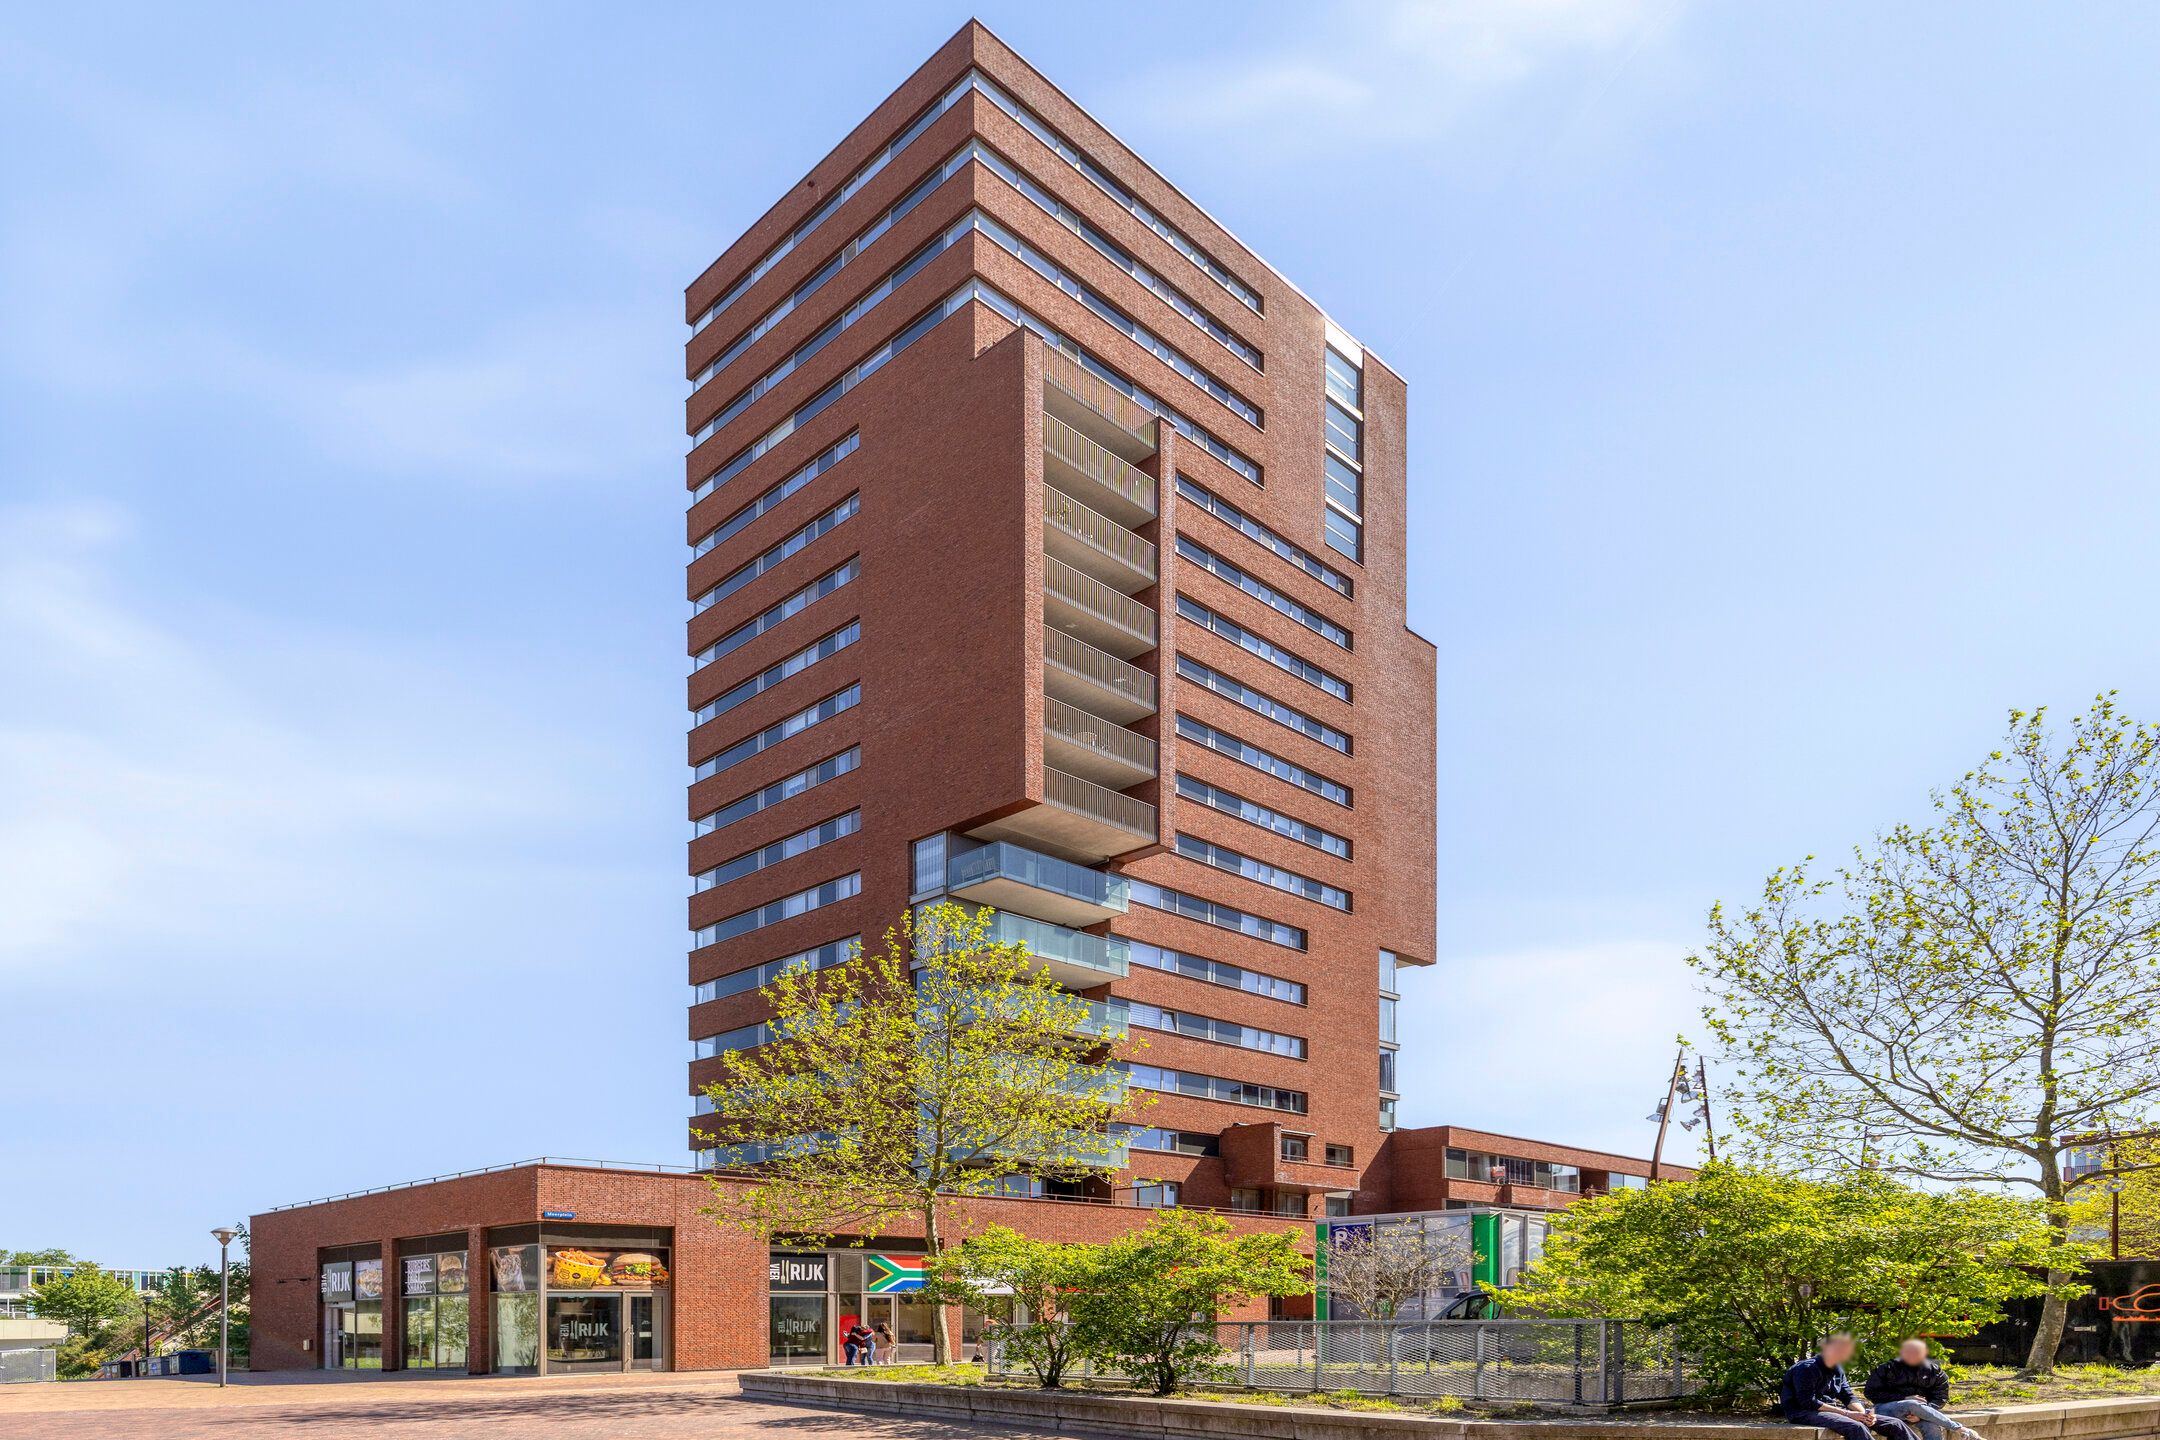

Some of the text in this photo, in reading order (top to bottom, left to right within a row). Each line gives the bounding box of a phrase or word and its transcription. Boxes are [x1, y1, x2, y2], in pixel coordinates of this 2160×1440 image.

[769, 1263, 824, 1281] VIER RIJK
[331, 1271, 351, 1292] RIJK
[560, 1323, 609, 1337] VIER RIJK
[792, 1321, 816, 1333] RIJK

- _What is needed_
Exactly as written, return every line of the listing, but not the pictures.

- _Exercise answer_
Some of the text in this photo, in reading order (top to bottom, left to right within a row). Each line gives the bounding box of a phrase or word and its transcription. Boxes are [x1, y1, x2, y2], in pixel coordinates of this 2160×1440 image.

[769, 1263, 824, 1281] VIER RIJK
[331, 1271, 351, 1292] RIJK
[560, 1323, 609, 1337] VIER RIJK
[792, 1321, 816, 1333] RIJK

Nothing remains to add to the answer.